Summary: Multi-head attention: many lenses on the same sentence

Multi-head attention is what is actually inside a real transformer layer. Instead of one Q, K, V projection per layer, the layer runs h independent attention computations in parallel, each through its own learned W_Q, W_K, W_V matrices. Without multi-head, an attention layer can only encode one weighting pattern per token, and real sentences have many simultaneous structures (syntactic, coreference, positional, semantic) that one weighting cannot capture.

With multi-head attention, each head can specialize on a different kind of context. The h outputs concatenate back into the layer’s main dimension d_model and pass through one final projection W_O. Shape in equals shape out; representational capacity goes up.
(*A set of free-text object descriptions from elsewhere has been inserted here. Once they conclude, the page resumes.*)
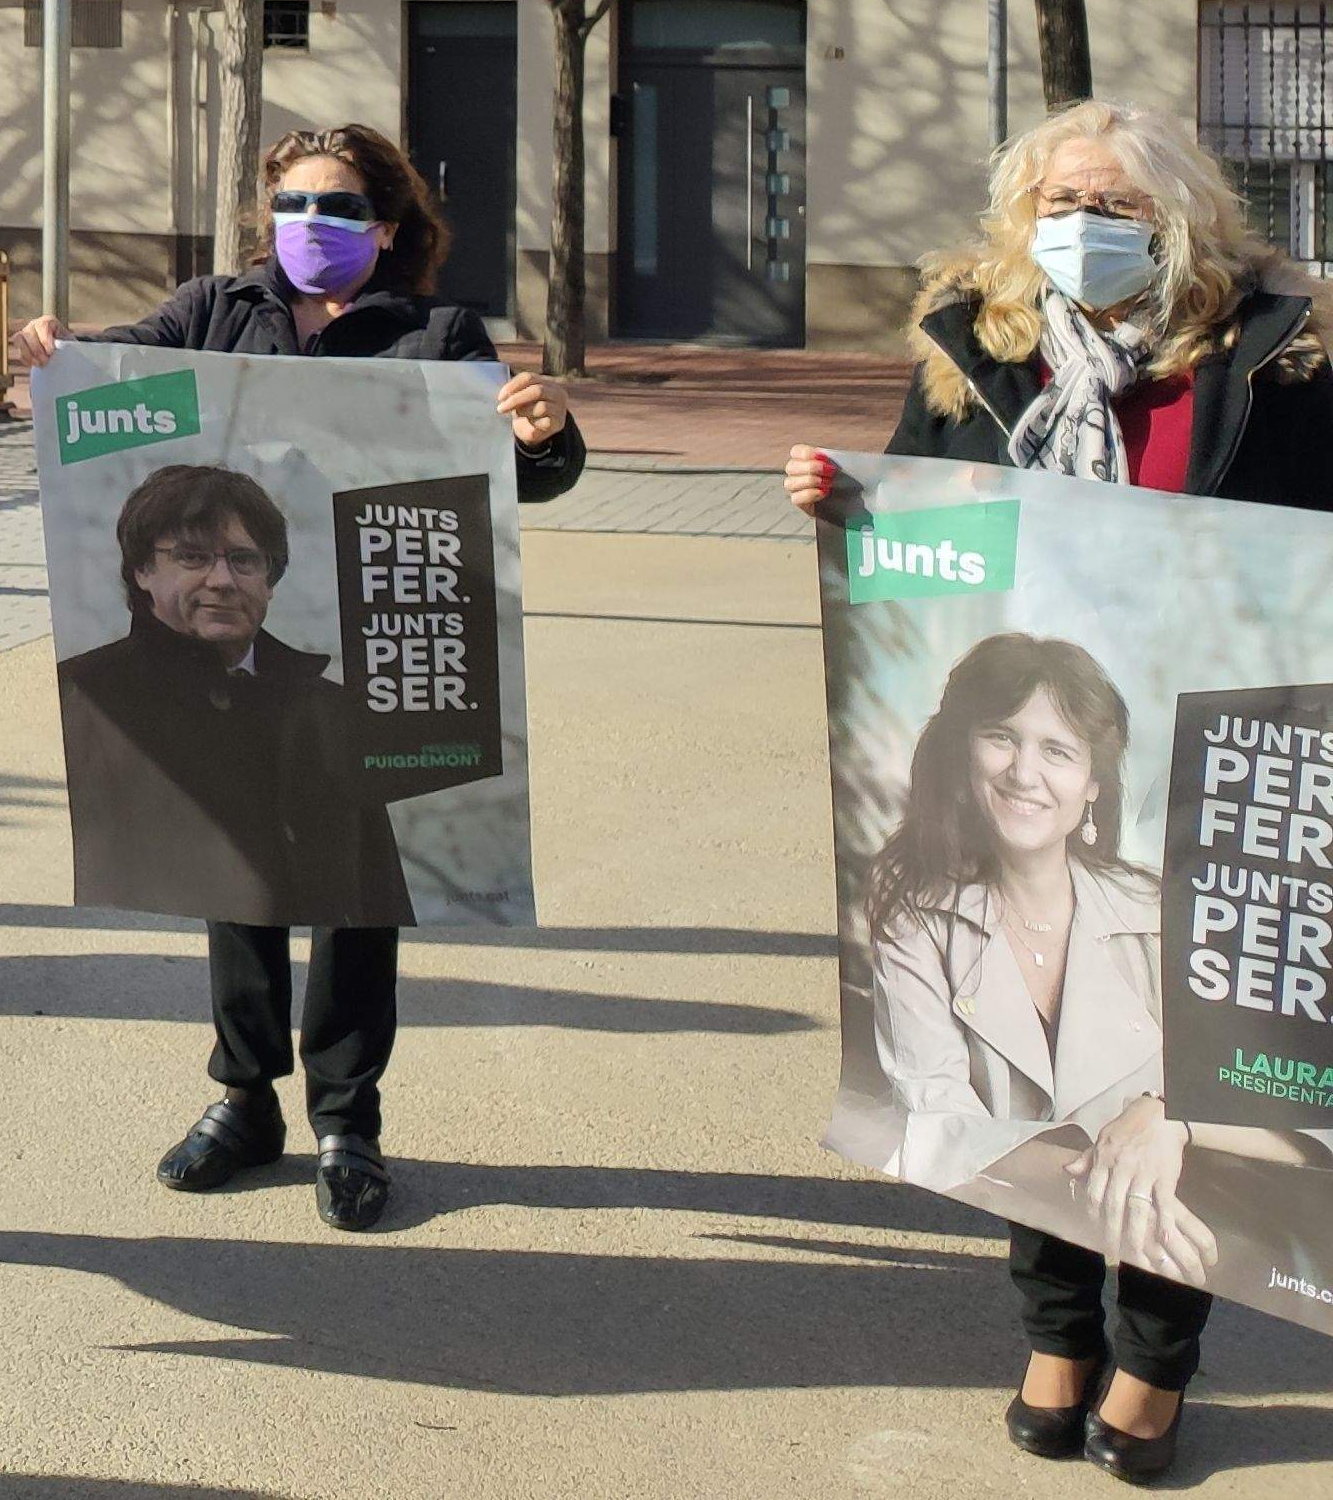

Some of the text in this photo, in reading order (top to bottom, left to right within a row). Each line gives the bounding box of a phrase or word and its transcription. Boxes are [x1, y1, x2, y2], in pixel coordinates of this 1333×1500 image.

[67, 401, 176, 444] junts
[355, 504, 459, 531] JUNTS
[359, 527, 463, 567] PER
[859, 524, 986, 585] junts
[362, 566, 471, 604] FER.
[362, 612, 464, 636] JUNTS
[366, 638, 468, 674] PER
[367, 676, 478, 713] SER.
[365, 754, 482, 770] PUIGDEMONT
[1203, 745, 1333, 817] PER
[1192, 862, 1333, 914] JUNTS
[1192, 894, 1333, 969] PER
[1187, 948, 1333, 1024] SER
[1235, 1048, 1333, 1088] LAURA
[1268, 1267, 1333, 1304] junts.c
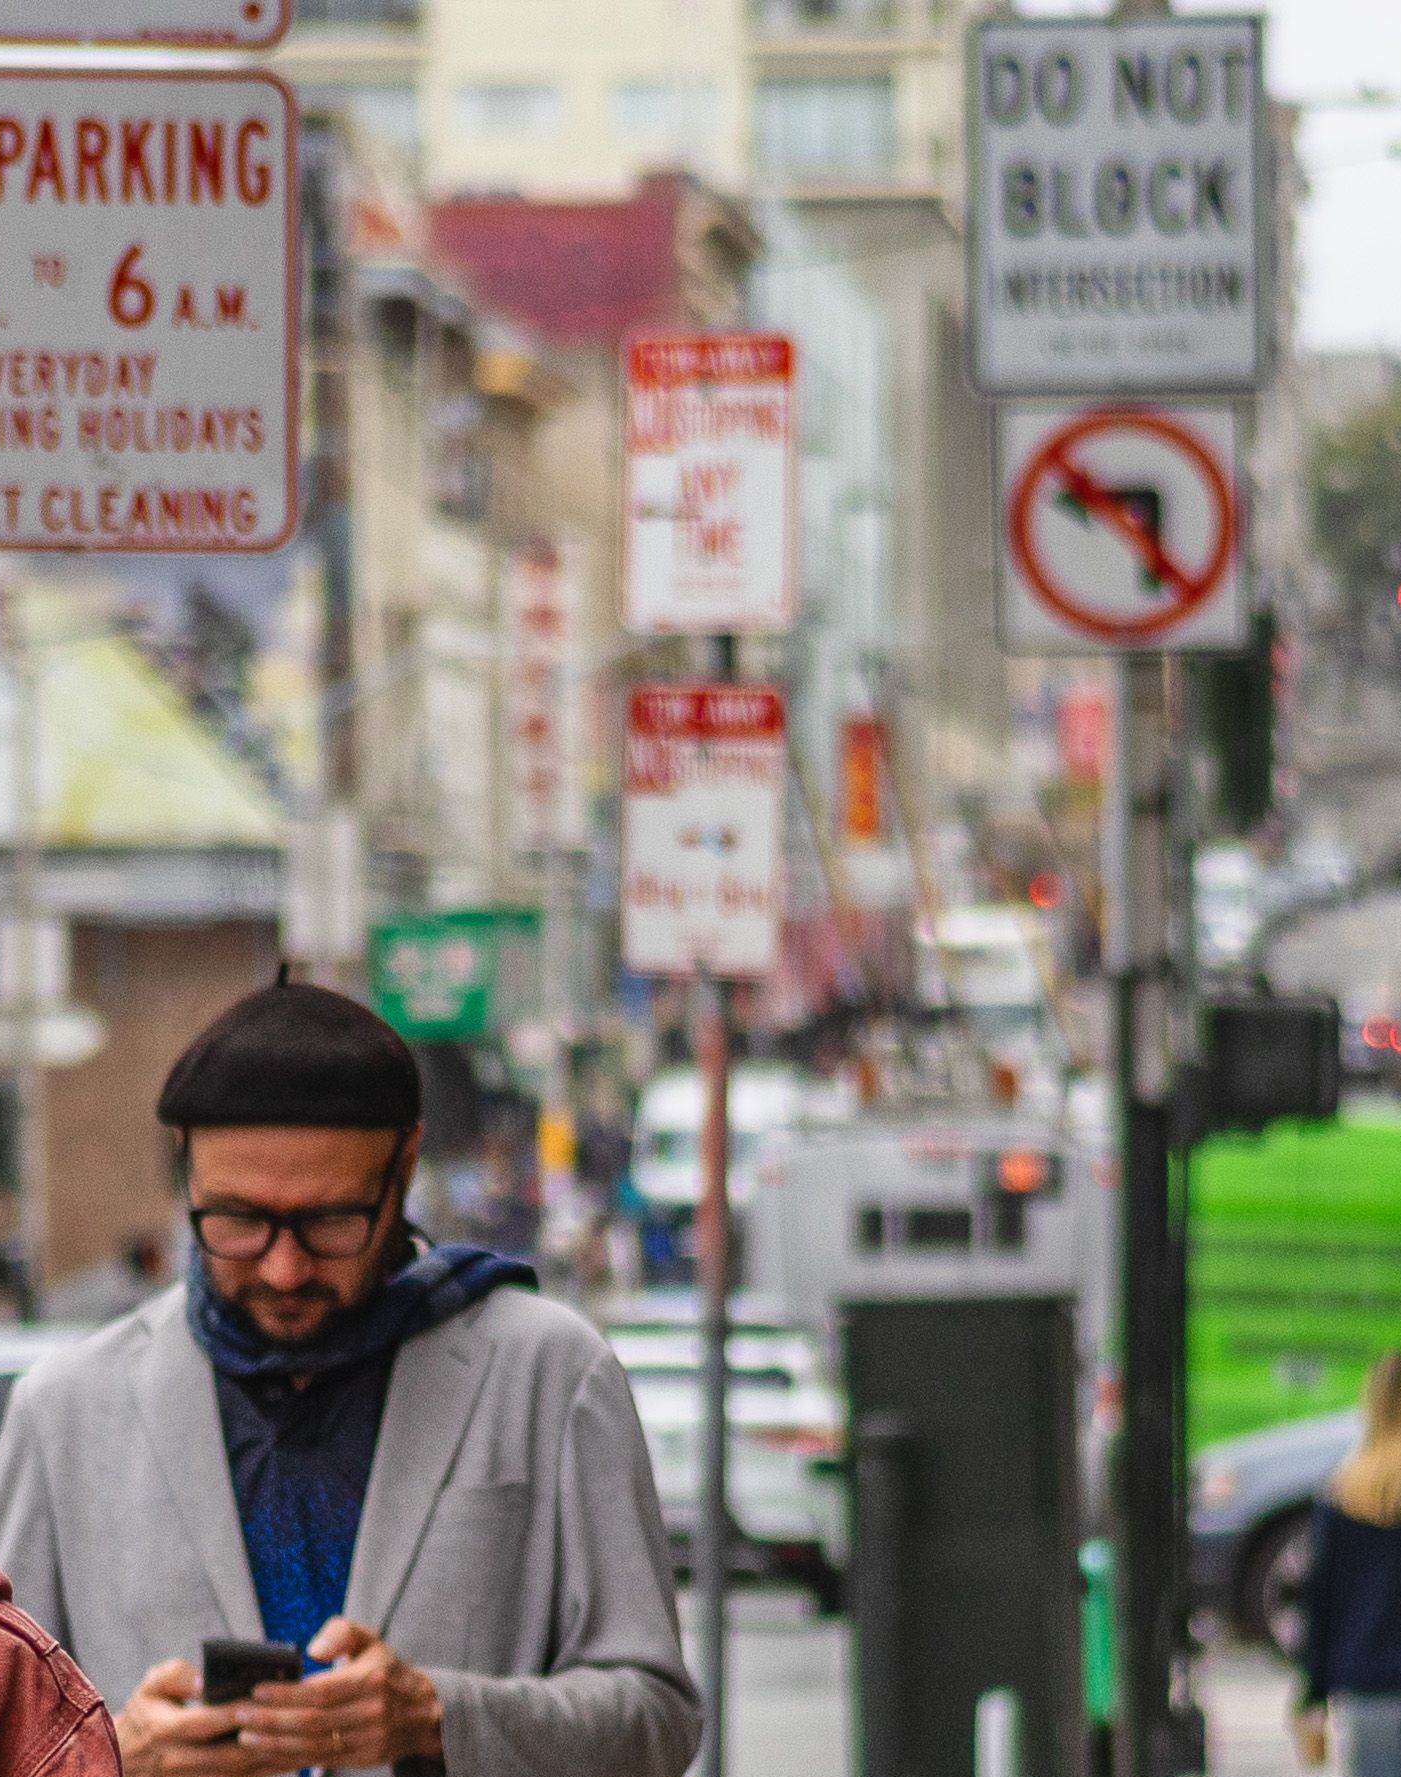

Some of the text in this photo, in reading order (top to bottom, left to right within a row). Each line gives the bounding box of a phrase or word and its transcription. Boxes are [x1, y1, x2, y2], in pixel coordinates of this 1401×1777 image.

[982, 50, 1248, 128] DO NOT
[1002, 155, 1238, 240] BLOCK
[107, 241, 154, 329] 6
[76, 404, 267, 456] HOLIDAYS
[37, 484, 260, 535] CLEANING
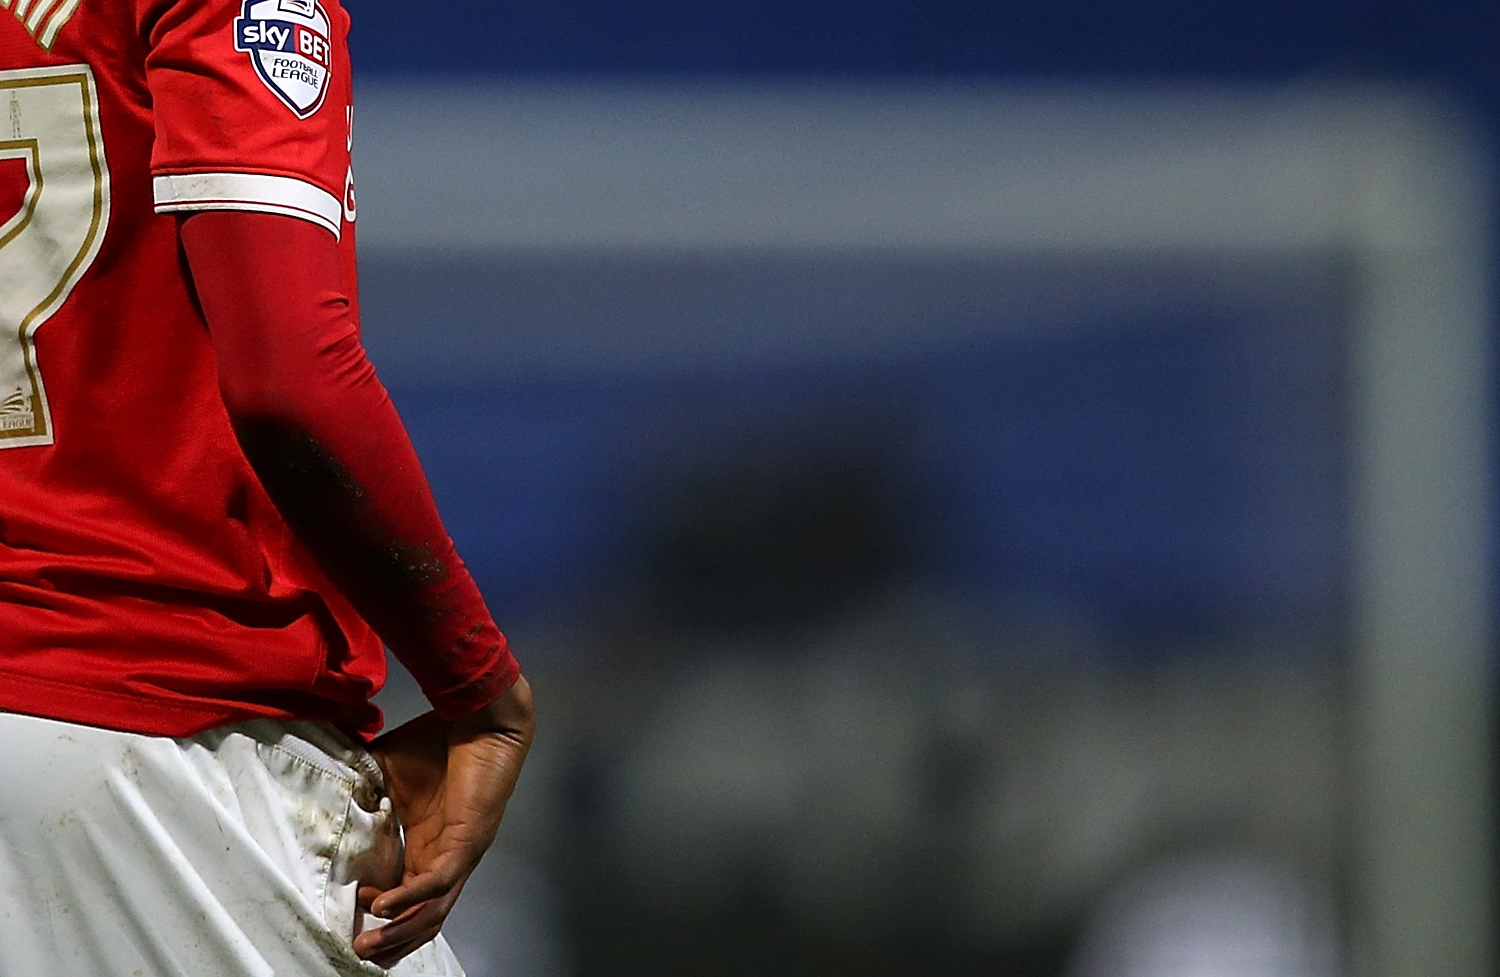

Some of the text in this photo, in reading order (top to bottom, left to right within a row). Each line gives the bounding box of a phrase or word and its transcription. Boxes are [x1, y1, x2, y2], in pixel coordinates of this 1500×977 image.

This summary is the scan-it-in-five-minutes version. The full lesson covers the structural limit of single-head, the split-run-concatenate pattern, the dimension flow on a worked 12-head example, why multiple heads beat one big head, what model cards mean when they say “12 heads,” and the named pitfalls (heads versus layers, heads versus mixture of experts).

  • Single attention has a one-perspective limit per token. It produces one weighted blend of context. A sentence has many kinds of structure happening at once; a single softmax-weighted sum can only encode one weighting at a time.
  • Multi-head attention runs h independent attention computations in parallel. Each head has its own W_Q, W_K, W_V matrices and its own perspective on the input.
  • Split, run, concatenate, project. Project the input to h smaller Q, K, V triples (each at d_k = d_model / h). Run h independent attention computations. Concatenate the h outputs back to d_model. Project once more through W_O. The output shape equals the input shape.
  • Running example: 12 heads at d_model = 768. Each head operates on 64-dim Q, K, V. Twelve 64-dim outputs concatenate to 768. W_O is a 768 by 768 matrix.
  • W_O is the mixing layer. Without it, the heads would be a stack of independent computations with no interaction. W_O lets the model combine information across heads before the output goes to the next layer or block.
  • Heads can specialize, but most are not human-interpretable. Some heads attend to recognizable patterns. Most do not have clean roles. The interpretability literature is mixed; treat heads as a structural mechanism, not as named lenses.
  • Head count is a partition, not free capacity. As h grows at fixed d_model, d_k shrinks and each head has less to work with. Practical models cluster around 8, 12, 16, or 32 heads, with d_model chosen so d_k lands around 64 or 128.
  • Multi-head works for self-attention and cross-attention. Multi-head is orthogonal to the self-versus-cross distinction; both use the same trick.
  • Inference optimizations: MQA and GQA. Multi-query attention and grouped-query attention share keys and values across heads (or groups of heads) to cut inference cost. If a model card lists num_key_value_heads smaller than num_attention_heads, the model is using one of these.
  • Heads are not layers. Heads run in parallel inside one attention layer. Layers stack vertically (the output of one full layer becomes the input to the next). A 12-layer model with 12 heads per layer has 144 attention computations per forward pass.
  • Heads are not mixture of experts. Multi-head varies the attention computation; mixture of experts (MoE) varies the feed-forward network. Different mechanisms, different parts of the layer; do not conflate them.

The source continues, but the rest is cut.